Three-dimensional anatomical positioning of the mandibular foramen is important to the procedure for an inferior alveolar nerve block anesthesia. The position of the mandibular foramen should be found threedimensionally relative to the oral anatomical structures. Using the AR technique, the anatomical structures in the oral cavity that are selected as anatomical references should be easy and convenient to use regardless of the skill of the operator and the error in the positioning of the mandibular foramen should be small. Using the augmented bone structures in the oral cavity as references to optimize the position of the mandibular foramen may increase the efficiency of the procedure for an inferior alveolar nerve block. Thanks to the recent commercialization of computed tomography (CT) and the development of computer software including commercial and open software, studies of the anatomical structures of the human body have progressed. Our technique required a few more minutes to perform when compared to the conventional method for obtaining an augmented image prior to performing an inferior alveolar nerve block. Although additional time was required for AR, the current AR technique provided related informations for bony structures in the oral cavity that can be referred to during anesthetic injections in order to easily and accurately locate the position of the mandibular foramen for an inferior alveolar nerve block. These attempts at applying AR techniques to dental treatment may lead to the development of clinically applicable AR techniques. They can also be widely used for education dentistry and in the oral and maxillofacial fields.
Our technique only required a few minutes to obtain 3D CT images of the mandible, extract DICOM data, and import the data to the software prior to performing an inferior alveolar nerve block. In the clinical setting, it takes only a few seconds to transfer intraoral images from a digital camera or other device to the computer. Similarly, it required only a few seconds to adjust the window transparency of the 3D simulation software on the monitor and a minute to position, rotate, and adjust the magnification scale of the 3D images of the mandible to match the tooth area between an oral photograph and 3D mandibular image. Simple processes for applying AR techniques, as described here, may enable the routine clinical application of AR in dental practice.

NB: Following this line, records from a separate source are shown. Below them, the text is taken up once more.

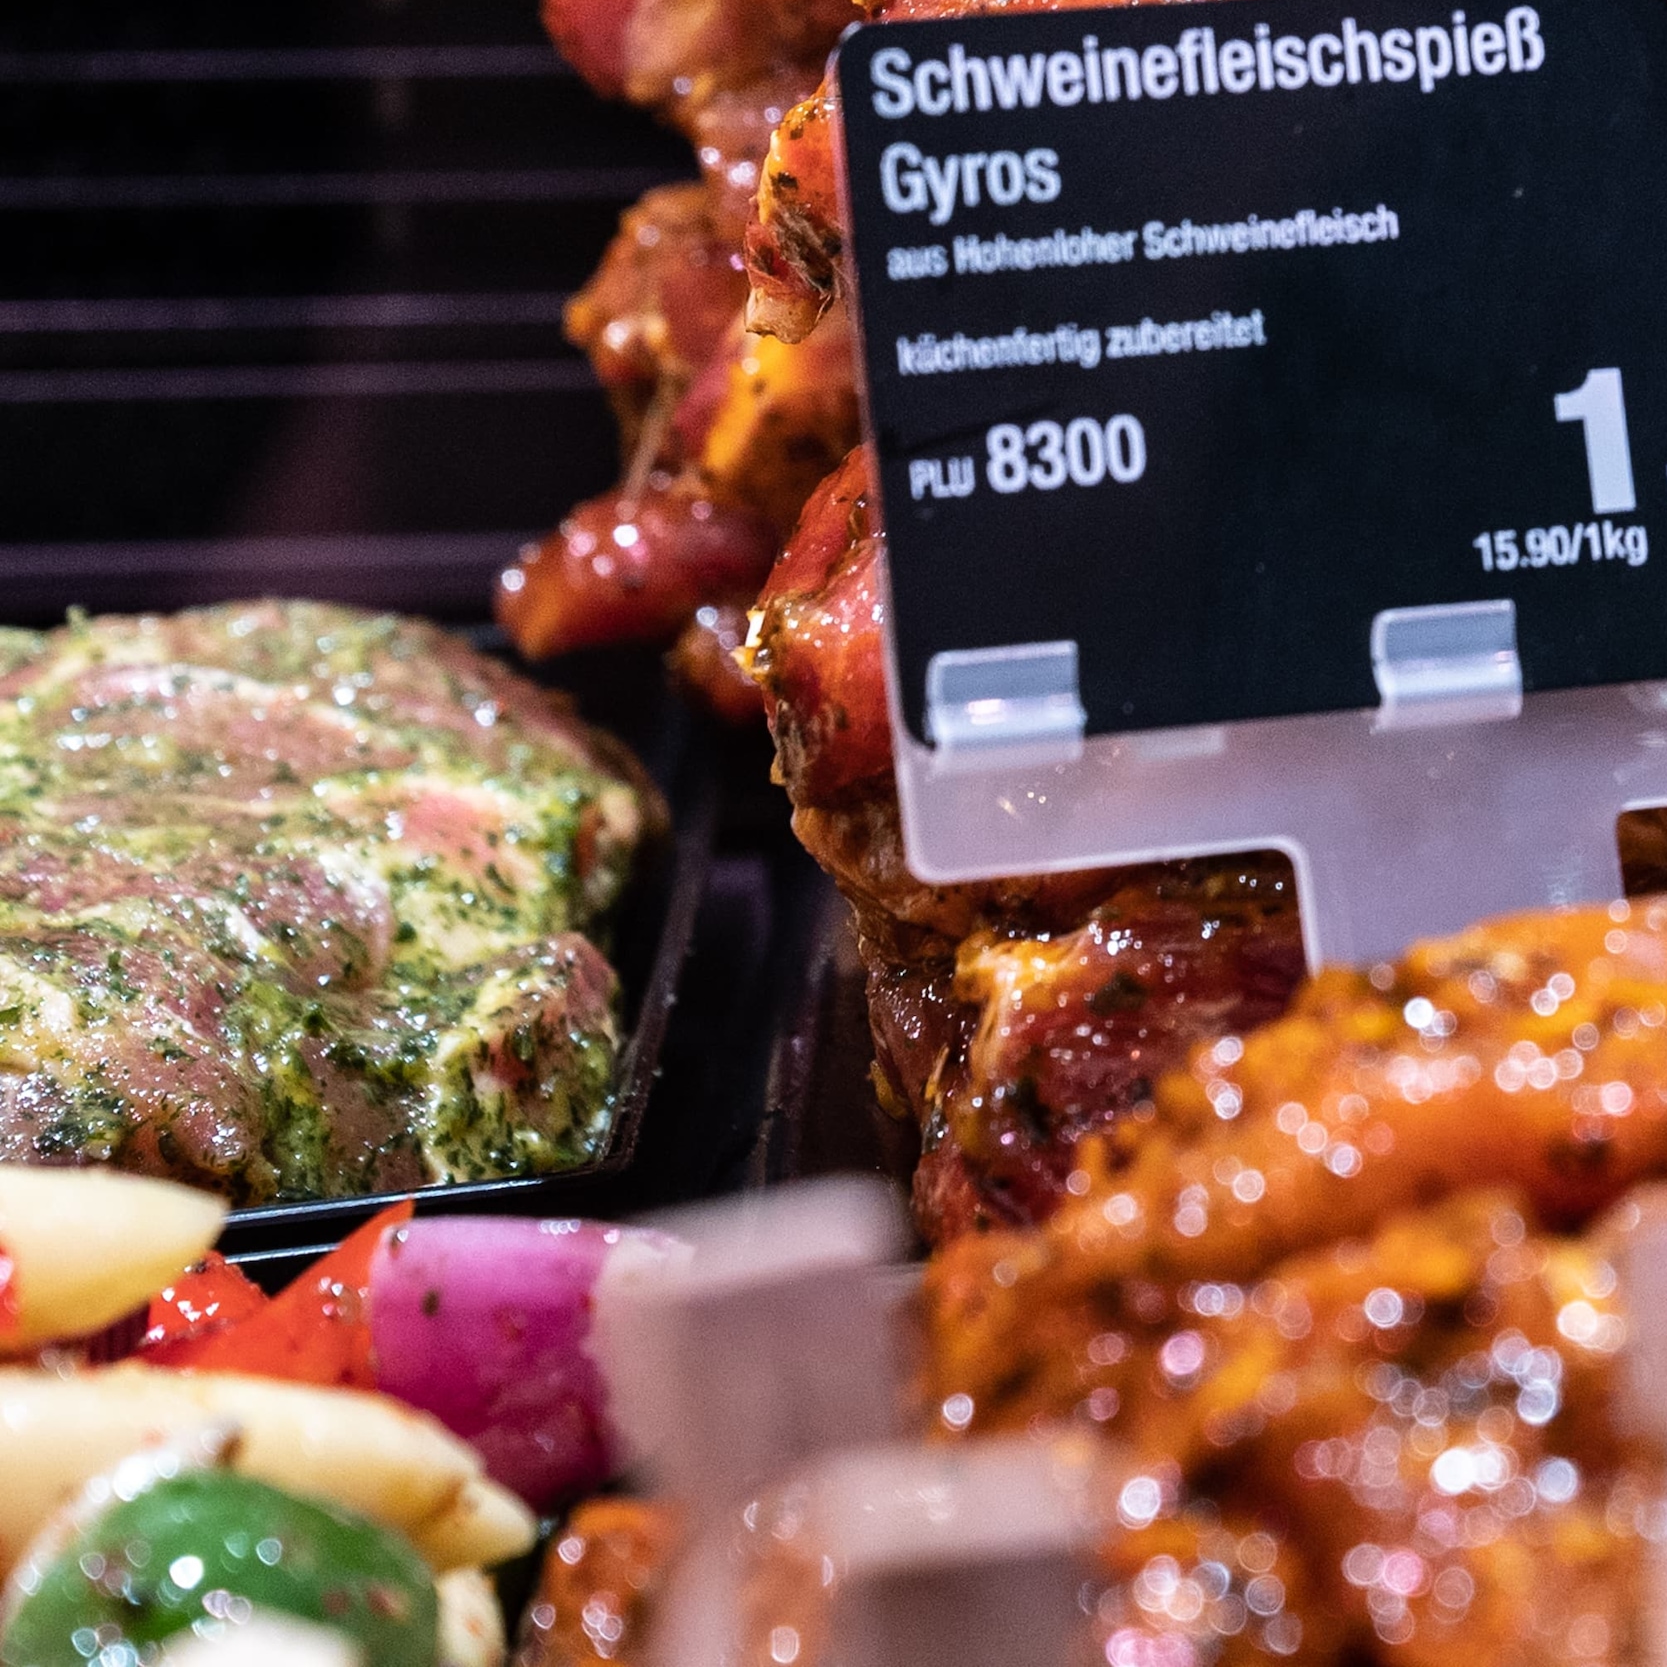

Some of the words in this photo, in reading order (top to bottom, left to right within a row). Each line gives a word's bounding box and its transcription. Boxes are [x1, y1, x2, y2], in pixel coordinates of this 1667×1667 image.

[871, 5, 1545, 117] Schweinefleischspieß
[880, 143, 1061, 225] Gyros
[887, 246, 949, 281] aus
[1142, 203, 1401, 262] Schweinefleisch
[896, 325, 1102, 375] küchenfertig
[1105, 308, 1267, 359] zubereitet
[909, 457, 975, 498] PLU
[986, 414, 1146, 493] 8300
[1473, 520, 1649, 572] 15.90/1kg
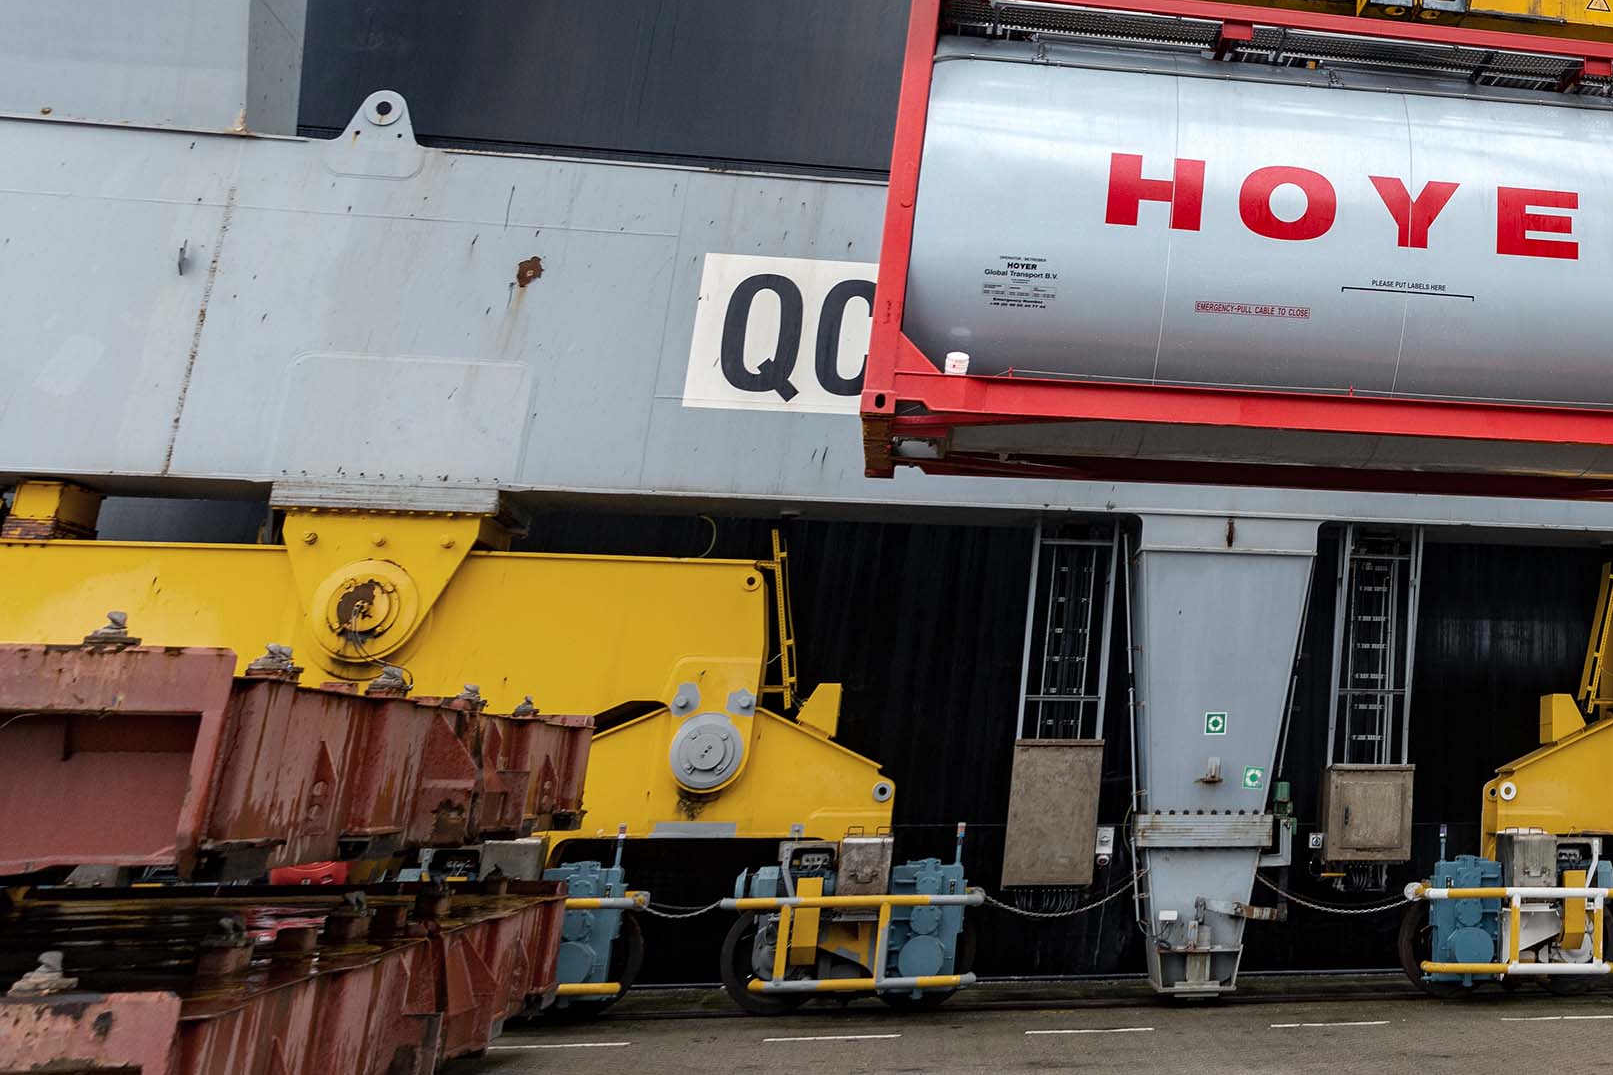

Simple AR techniques, such as those described in this report, may be performed as a supplementary step in the detection of impacted teeth and jaw cysts that are difficult to observe in clinical practice. These simple attempts at applying AR techniques to medical treatment may lead to the development of clinically applicable AR techniques that can be used widely in the medical field, including dentistry and the oral and maxillofacial fields.
CONFLICTS OF INTEREST: The authors have no conflicts of interest to declare.